### GIVEN DATA
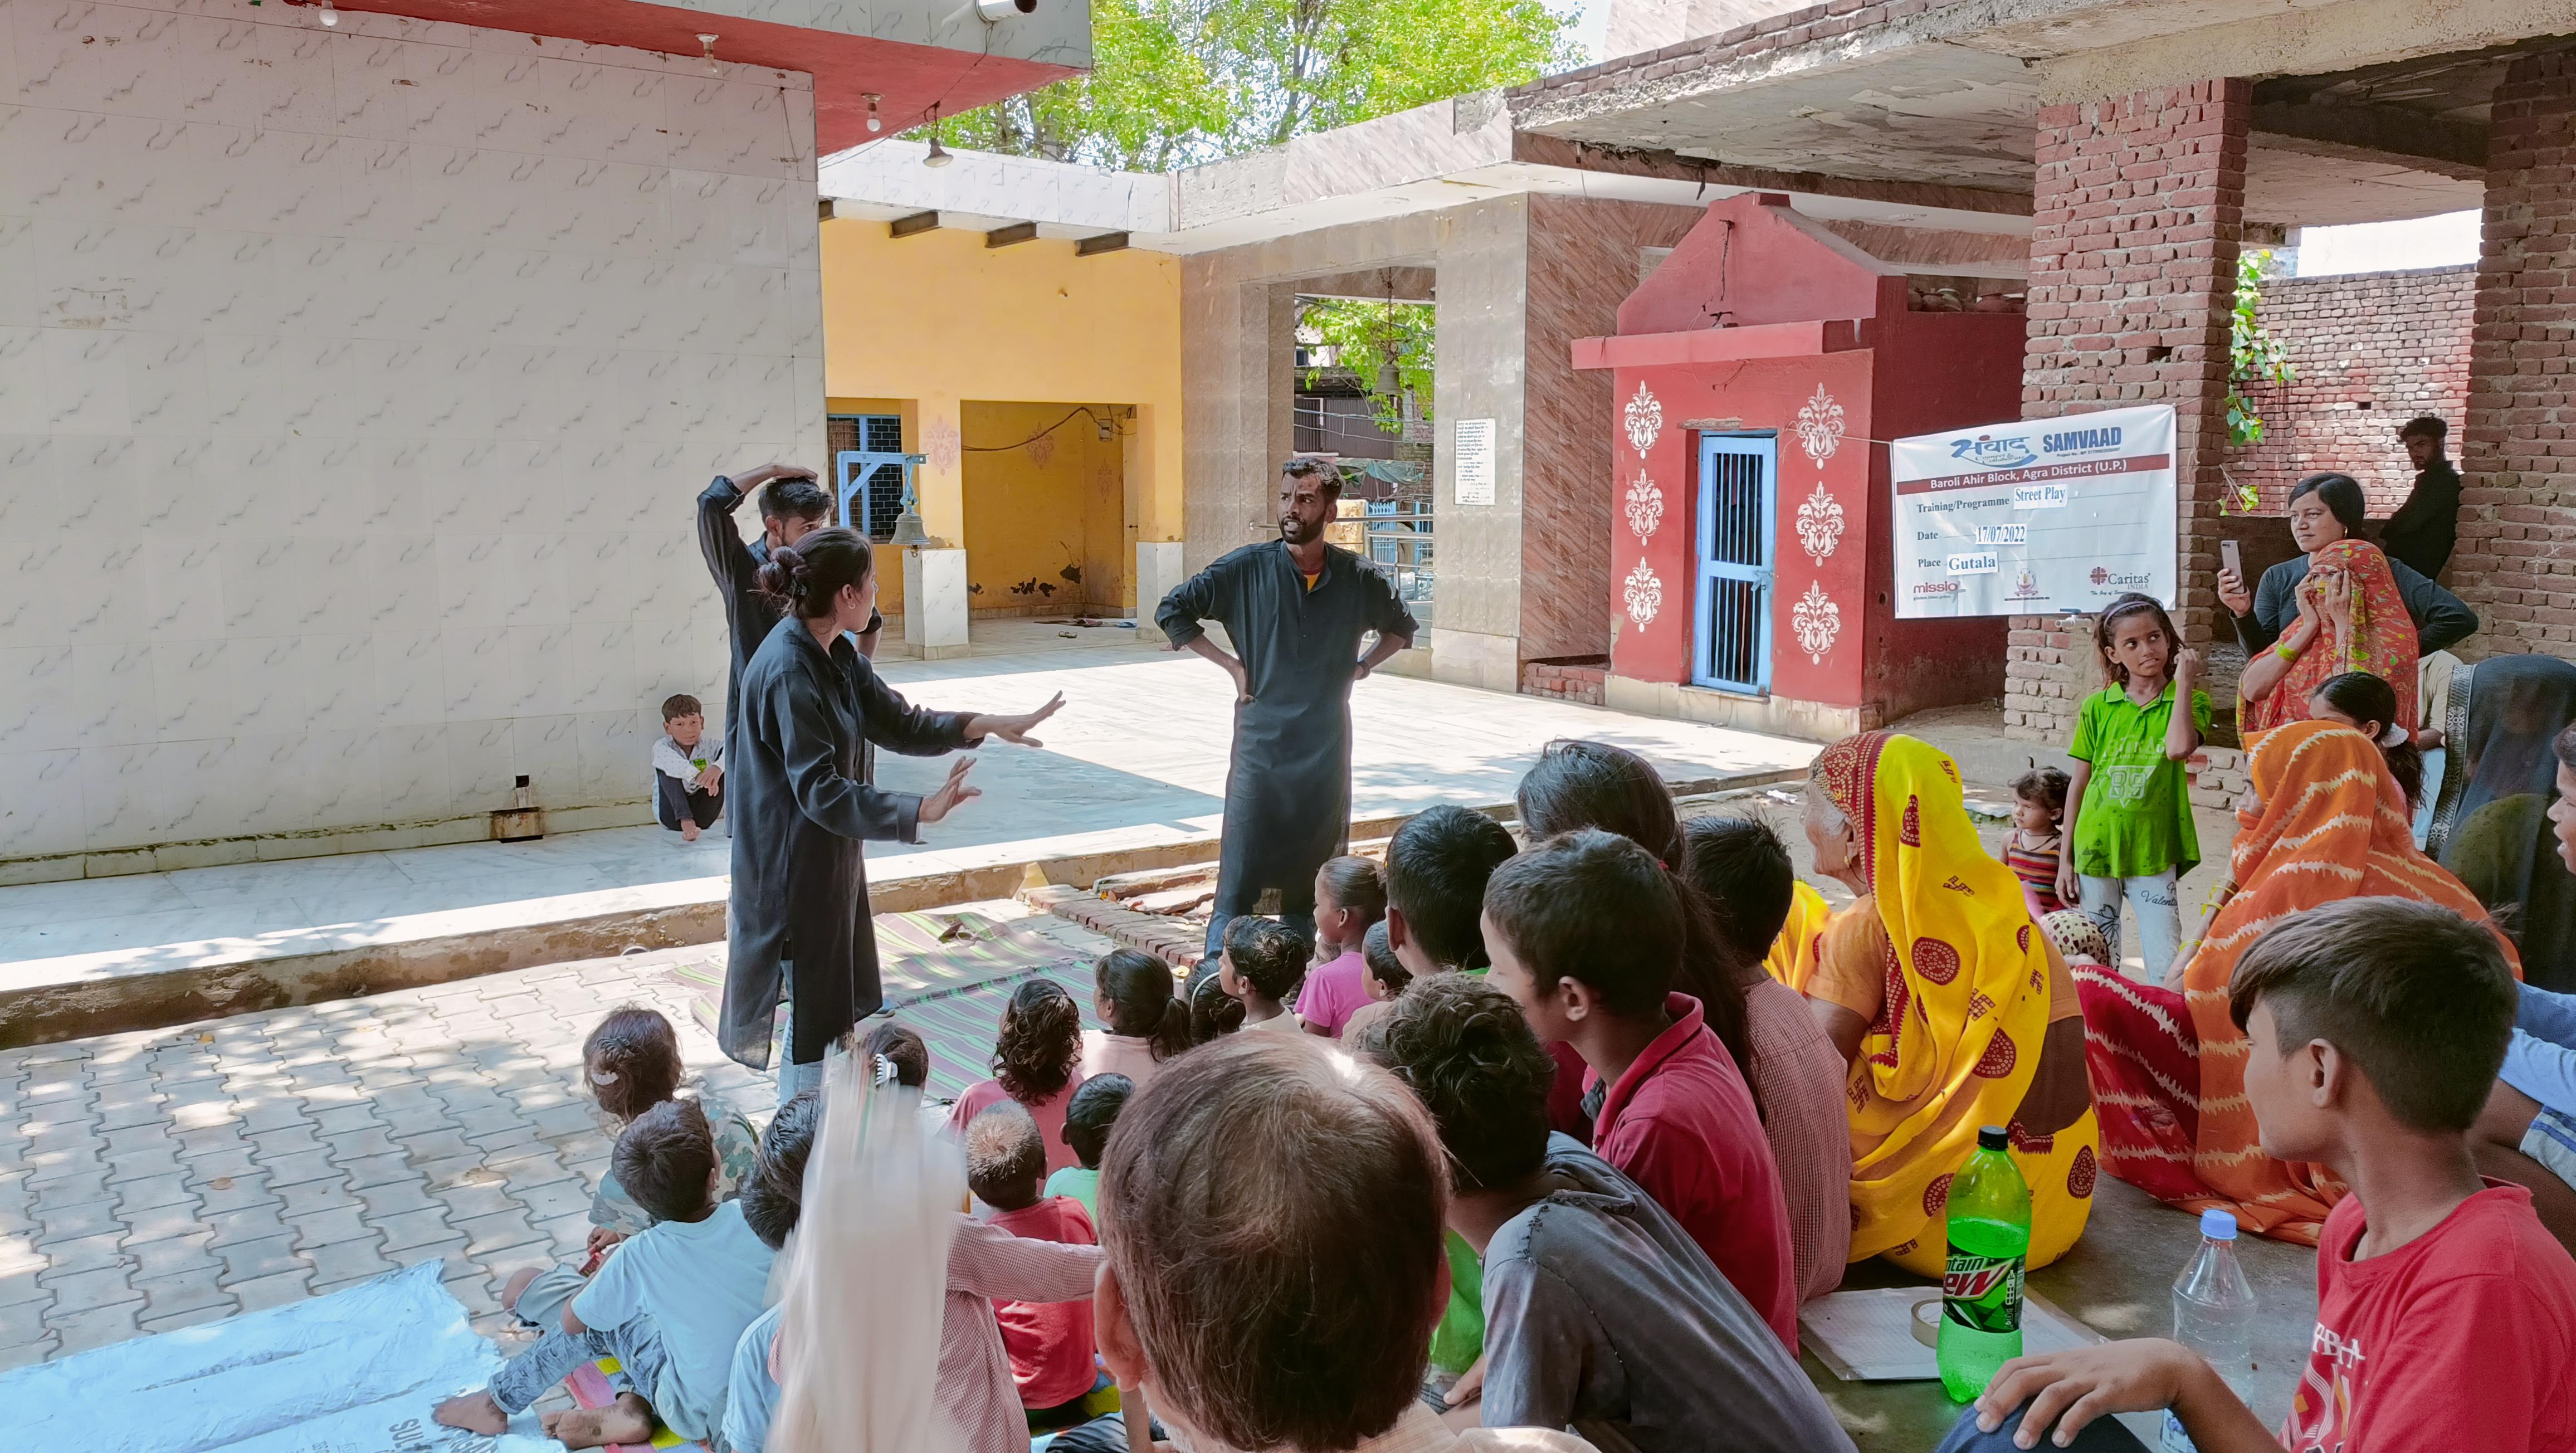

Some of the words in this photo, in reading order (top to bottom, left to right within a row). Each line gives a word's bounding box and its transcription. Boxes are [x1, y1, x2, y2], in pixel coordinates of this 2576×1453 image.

[2043, 427, 2121, 453] SAMVAAD
[1930, 476, 1960, 489] Baroli
[1963, 475, 1984, 486] Ahir
[1988, 469, 2020, 483] Block,
[2022, 469, 2048, 481] Agra
[2051, 463, 2092, 477] District
[2095, 459, 2128, 474] (U.P.)
[1916, 497, 2010, 513] Training/Programme
[2015, 487, 2042, 502] Street
[2045, 486, 2066, 503] Play
[1917, 532, 1939, 540] Date
[1977, 525, 2026, 543] 17/07/2022
[1918, 558, 1941, 567] Place
[1949, 555, 1996, 571] Gutala
[1913, 581, 1958, 593] missio
[2107, 572, 2149, 584] Caritas
[2109, 771, 2146, 799] 89
[1946, 1257, 1984, 1272] ntain
[1943, 1264, 2008, 1296] ew

### AIM OF THE EXERCISE
Return all records exactly; no pictures.

### RESPONSE TO THIS TASK
Some of the words in this photo, in reading order (top to bottom, left to right within a row). Each line gives a word's bounding box and its transcription. Boxes are [x1, y1, x2, y2], in pixel coordinates of this 2576×1453 image.

[2043, 427, 2121, 453] SAMVAAD
[1930, 476, 1960, 489] Baroli
[1963, 475, 1984, 486] Ahir
[1988, 469, 2020, 483] Block,
[2022, 469, 2048, 481] Agra
[2051, 463, 2092, 477] District
[2095, 459, 2128, 474] (U.P.)
[1916, 497, 2010, 513] Training/Programme
[2015, 487, 2042, 502] Street
[2045, 486, 2066, 503] Play
[1917, 532, 1939, 540] Date
[1977, 525, 2026, 543] 17/07/2022
[1918, 558, 1941, 567] Place
[1949, 555, 1996, 571] Gutala
[1913, 581, 1958, 593] missio
[2107, 572, 2149, 584] Caritas
[2109, 771, 2146, 799] 89
[1946, 1257, 1984, 1272] ntain
[1943, 1264, 2008, 1296] ew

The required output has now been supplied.